A convenção deste ano em Chengdu está cercada de polêmicas, mas por isso mesmo acho importante que haja uma presença grande de fãs do Ocidente. A Ficção Científica tem se internacionalizado muito nos últimos anos, saindo do eixo Estados Unidos-Reino Unido. O gênero tem uma grande produção e milhões de fãs na China, e esse encontro certamente será histórico. Mas a escolha do país sede tem vários problemas.
O governo chinês está investindo pesado no gênero, e escolheu Chengdu como centro de produção de Ficção Científica, seja em literatura ou no cinema, em busca de uma imagem de modernidade e progresso. Resolveu até construir um grande museu dedicado à Ficção Científica (um dos motivos pro adiamento da convenção de Agosto para Outubro). Mas junto com isso, vem a mão pesada do governo.
Há um movimento de boicote por parte de fãs de vários países, em protesto contra a opressão da minoria muçulmana Uighur na província de Xinjiang. Um dos convidados de Honra, Liu Cixin (primeiro chinês a ganhar o prêmio Hugo), disse em entrevista à revista New Yorker que apóia as ações de Beijing para conter o que chama de terrorismo na província. E o outro convidado especial é o russo Sergei Lukyanenko – apoiador de Vladimir Putin e da invasão da Ucrânia, que considera parte da Rússia. Pelo menos uma escritora, S. B. Divya, recusou a indicação ao Hugo, e outros anunciaram que não comparecerão. Afinal, quem quer receber um prêmio das mãos de Lukyanenko?
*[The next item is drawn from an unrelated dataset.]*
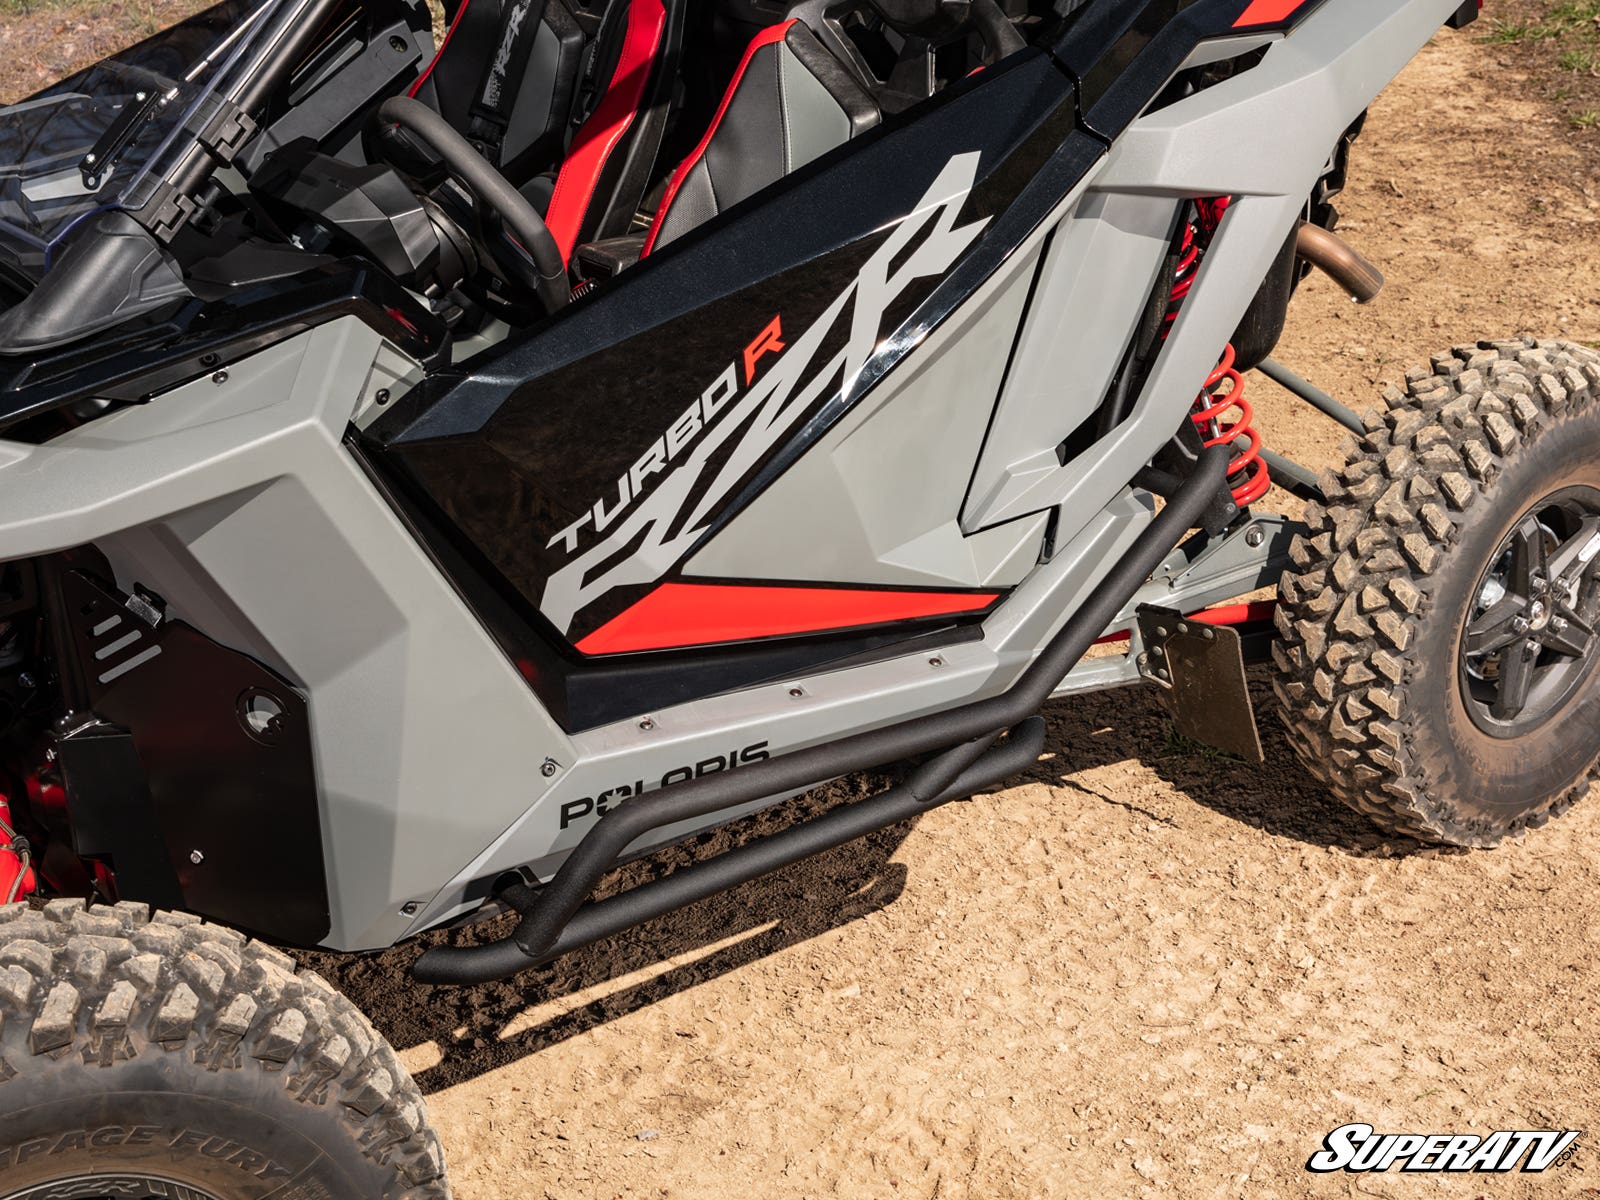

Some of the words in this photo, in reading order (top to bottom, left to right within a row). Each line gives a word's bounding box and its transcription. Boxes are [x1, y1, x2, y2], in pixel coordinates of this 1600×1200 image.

[540, 150, 994, 636] RZR
[545, 361, 738, 553] TURBO
[743, 314, 786, 387] R
[168, 1129, 292, 1180] FURY
Mas até acho que ir lá, subir ao palco e dizer isso na cara dele seria um protesto bem mais forte. Ou os fãs, por exemplo, se levantando e saindo da sala quando ele fosse chamado a discursar. O caso de Liu Cixin é um pouco mais complexo, mereceria uma análise à parte.
Não acredito que um boicote funcionasse contra um gigante como a China. Só ia dar a chance do governo chinês de acusar os fãs ocidentais de preconceito e sinofobia – argumento usado frequentemente pelo Presidente Xi Jinping em disputas com os Estados Unidos. Eu costumo defender o diálogo e o engajamento, e acho uma pena desperdiçar uma oportunidade de contato com um grande contingente de fãs chineses.
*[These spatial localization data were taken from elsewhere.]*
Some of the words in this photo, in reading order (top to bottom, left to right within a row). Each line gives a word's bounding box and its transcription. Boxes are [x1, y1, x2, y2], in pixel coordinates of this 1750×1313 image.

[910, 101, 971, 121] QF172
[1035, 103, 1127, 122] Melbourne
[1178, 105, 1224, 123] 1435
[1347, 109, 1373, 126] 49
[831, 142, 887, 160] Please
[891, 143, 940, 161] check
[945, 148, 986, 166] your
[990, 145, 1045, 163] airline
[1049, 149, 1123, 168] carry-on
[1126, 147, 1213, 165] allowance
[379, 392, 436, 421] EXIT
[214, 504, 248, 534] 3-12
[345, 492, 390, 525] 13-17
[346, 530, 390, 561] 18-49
Mas o meu maior motivo de querer estar presente é a liberdade de expressão, ou a falta dela. Na apresentação do comitê organizador dois anos atrás em Washington, antes da votação para a escolha da sede, o representante chinês foi perguntado sobre isso. Ele prometeu que não haverá censura, que qualquer assunto poderá ser abordado nos painéis. Mas fez uma ressalva: caberá à imprensa decidir o que vai ser publicado ou não – como se houvesse independência editorial na China… Por isso acho tão importante ter gente lá que possa fazer um relato independente do que transcorreu durante a convenção. Se houve censura ou não, se foi possível discutir livremente com os fãs e autores chineses.
Em breve saberemos.
Pois é. Eles estão esperando tantos fãs chineses, que pra alguns eventos, como a abertura e a premiação do Hugo, vão ter que fazer um sorteio de ingressos. Pra ficar de olho nos números: a convenção de maior público foi em Los Angeles, 1984 (8.300 pessoas). Ano passado, em Chicago, ainda com o problema da pandemia, foram 3.600.